Tahsin Yücel, "Şu resme bakın, öylesine genç, öylesine canlı, öylesine burada," derken tam da bu buluşmayı özetledi.
Herkes orada, sahnede Deniz Kavukçuoğlu dostları bir bir çağırıyor, az sonra hep birlikte Teşvikiye camii, sonra da Şile mezarlığına gidiliyor, sonra da Celal Üster'in dediği gibi "Erdal yıldız olacak, bize yağacak".
Öz'ün Sergi'si
Üster, Öz'ü anlattı; öykücülüğünü, romancılığını, yayıncılığını, mücadelesini, bir de Sergi kitapevini anlattı. 6 Mayıstan beri onunla ilgili yazılanları okuyorum, buluşmaya giderken yolda "kimse Sergi kitapevinden söz etmiyor" diye mırıldanıyordum.

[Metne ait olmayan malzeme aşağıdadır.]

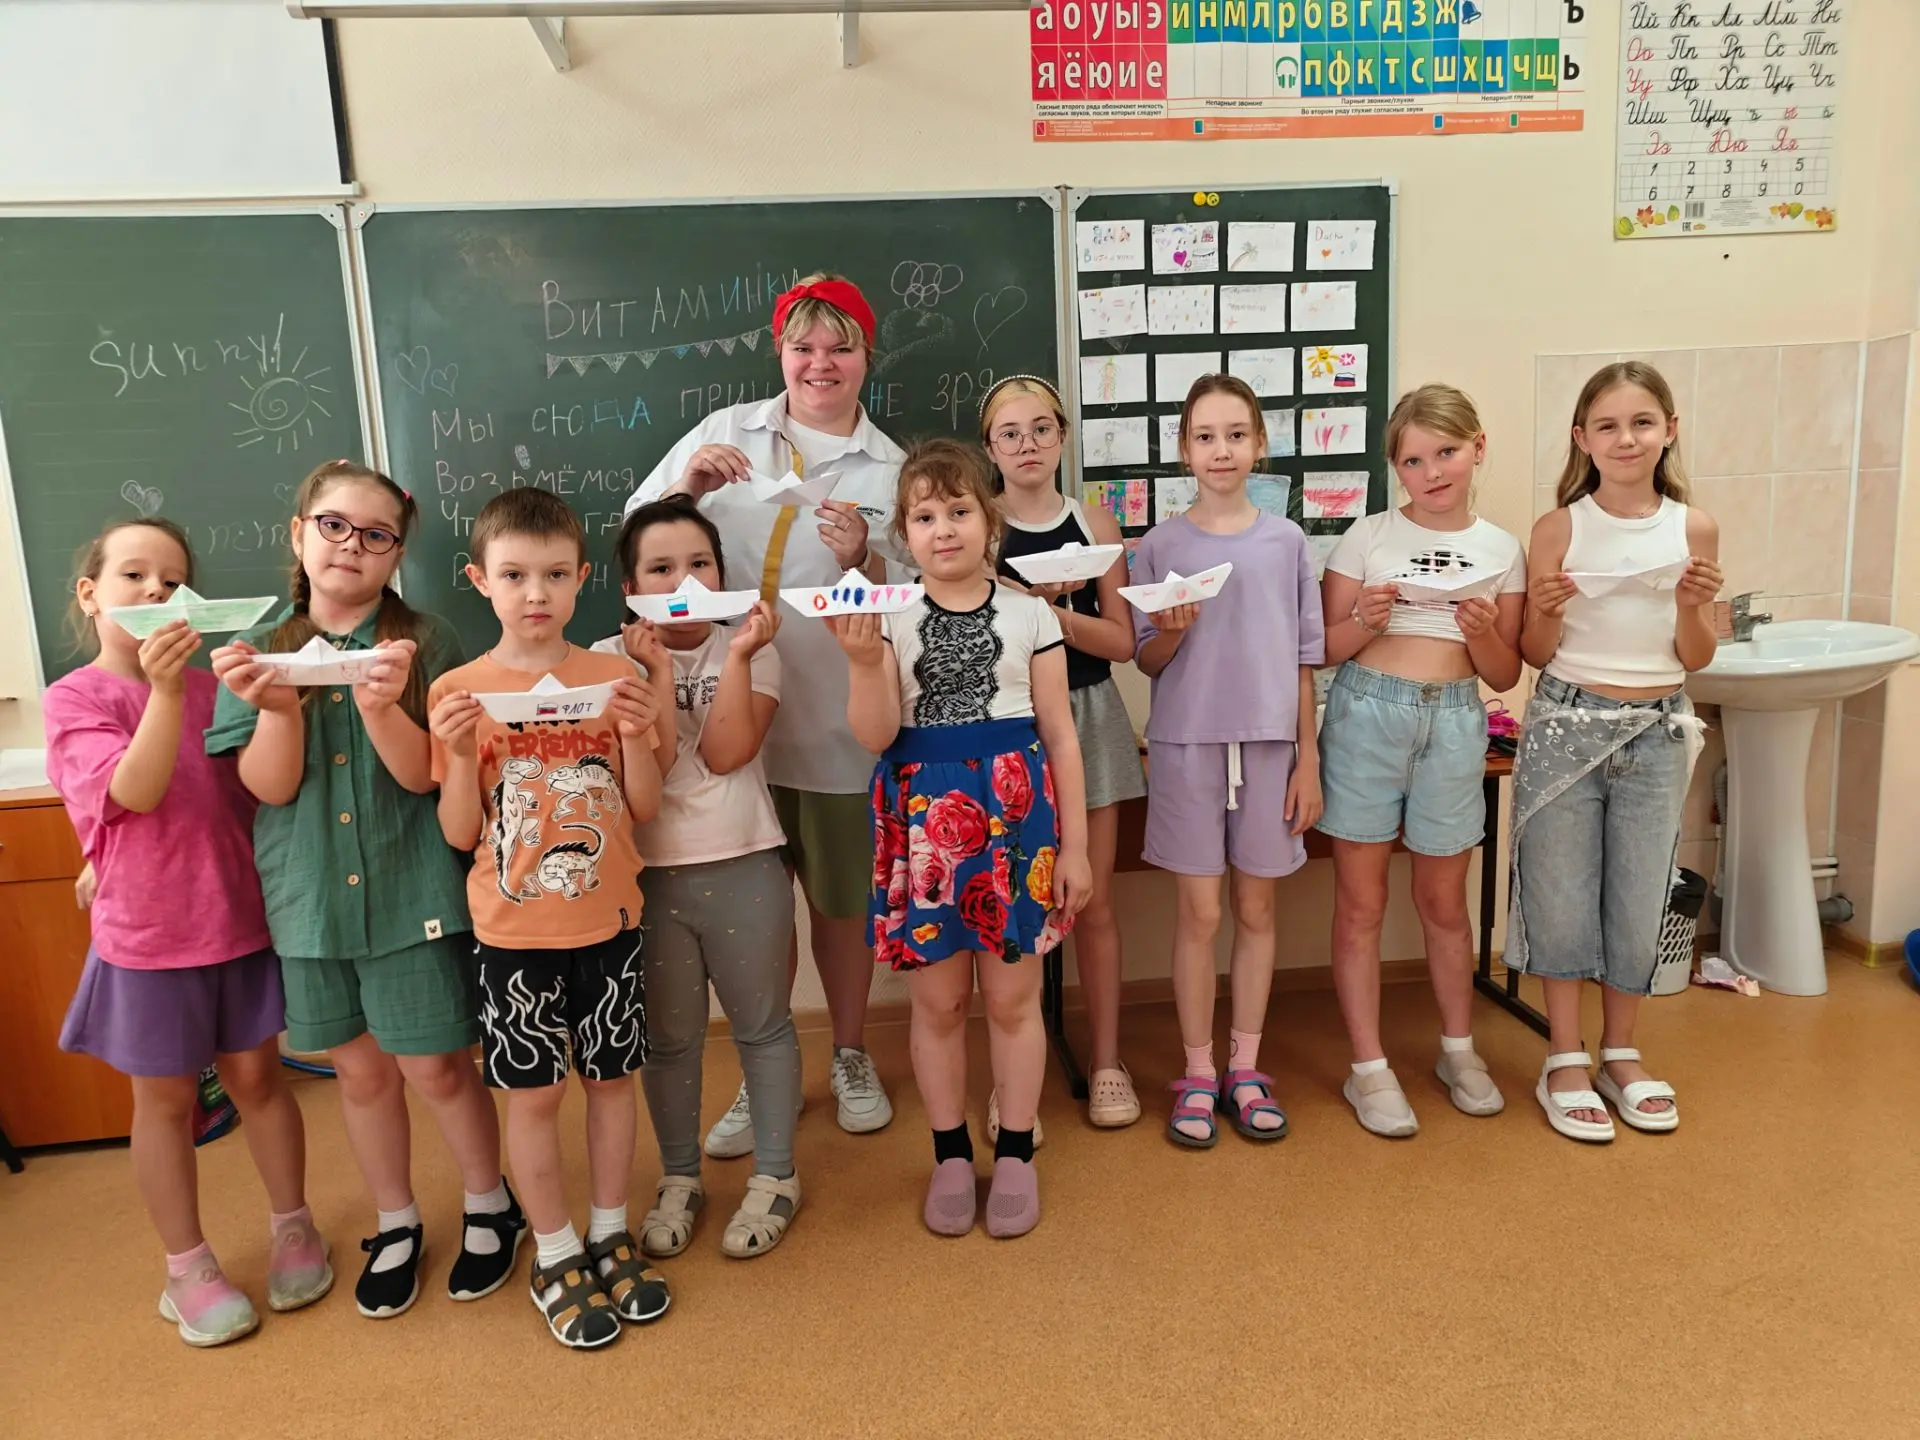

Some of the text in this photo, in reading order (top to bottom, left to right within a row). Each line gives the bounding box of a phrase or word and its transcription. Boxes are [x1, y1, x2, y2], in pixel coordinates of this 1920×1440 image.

[1037, 61, 1056, 89] я
[1064, 51, 1081, 89] ё
[1089, 61, 1112, 88] ю
[1119, 61, 1136, 88] и
[1146, 61, 1163, 88] е
[1304, 60, 1321, 85] п
[1328, 50, 1350, 95] ф
[1357, 58, 1374, 84] к
[1384, 58, 1400, 84] т
[1411, 58, 1424, 84] с
[1434, 56, 1456, 82] ш
[1463, 55, 1478, 81] х
[1486, 56, 1503, 88] ц
[1513, 55, 1529, 80] ч
[1535, 54, 1556, 87] щ
[1649, 158, 1804, 177] 1 2 3 4 5
[1649, 182, 1803, 201] 6 7 8 9 0

Benim için, bizim üniversite yıllarımız için Erdal Öz "Sergi" demekti. Ankara Büyük Sinema'nın üst katındaki o küçük kitapçı gibi bir kitapçı benim için bir daha hiç olmadı.

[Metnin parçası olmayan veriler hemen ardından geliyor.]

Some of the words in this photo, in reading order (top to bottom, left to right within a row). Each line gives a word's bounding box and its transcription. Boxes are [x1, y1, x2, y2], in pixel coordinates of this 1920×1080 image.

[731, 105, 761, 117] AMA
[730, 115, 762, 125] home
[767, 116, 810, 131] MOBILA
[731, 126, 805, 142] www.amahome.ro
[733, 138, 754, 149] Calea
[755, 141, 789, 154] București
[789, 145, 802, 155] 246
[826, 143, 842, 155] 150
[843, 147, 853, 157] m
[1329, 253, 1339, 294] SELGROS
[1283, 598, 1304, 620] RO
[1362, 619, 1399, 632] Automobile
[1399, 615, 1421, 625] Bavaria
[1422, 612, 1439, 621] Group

250 liralık bursumuzu aldığımızda Sergi'nin yolunu tutardık, öyle çok kitap olurdu ki almak istediğimiz, almamız gereken.
Kitaplara bakıyoruz, kitapları okşuyoruz, arka kapakları okuyoruz, o küçük camlı masanın ardında duran adamla konuşuyoruz. Sanki, sattığı bütün kitapları okumuş olurdu, aradığımız kitap üzerine konuşur, o kitabın konusuyla ilgili kitapları hemen sıralamaya, anlatmaya, tartışmaya başlardı.
Kimi zaman, onunla konuşurken, onu dinlerken cahilliğimizden utanıp "hı, hı" diyerek bilirmiş gibi yaptığımızı hatırlıyorum. O anlardı mutlaka, bu tıfıl numaralarını.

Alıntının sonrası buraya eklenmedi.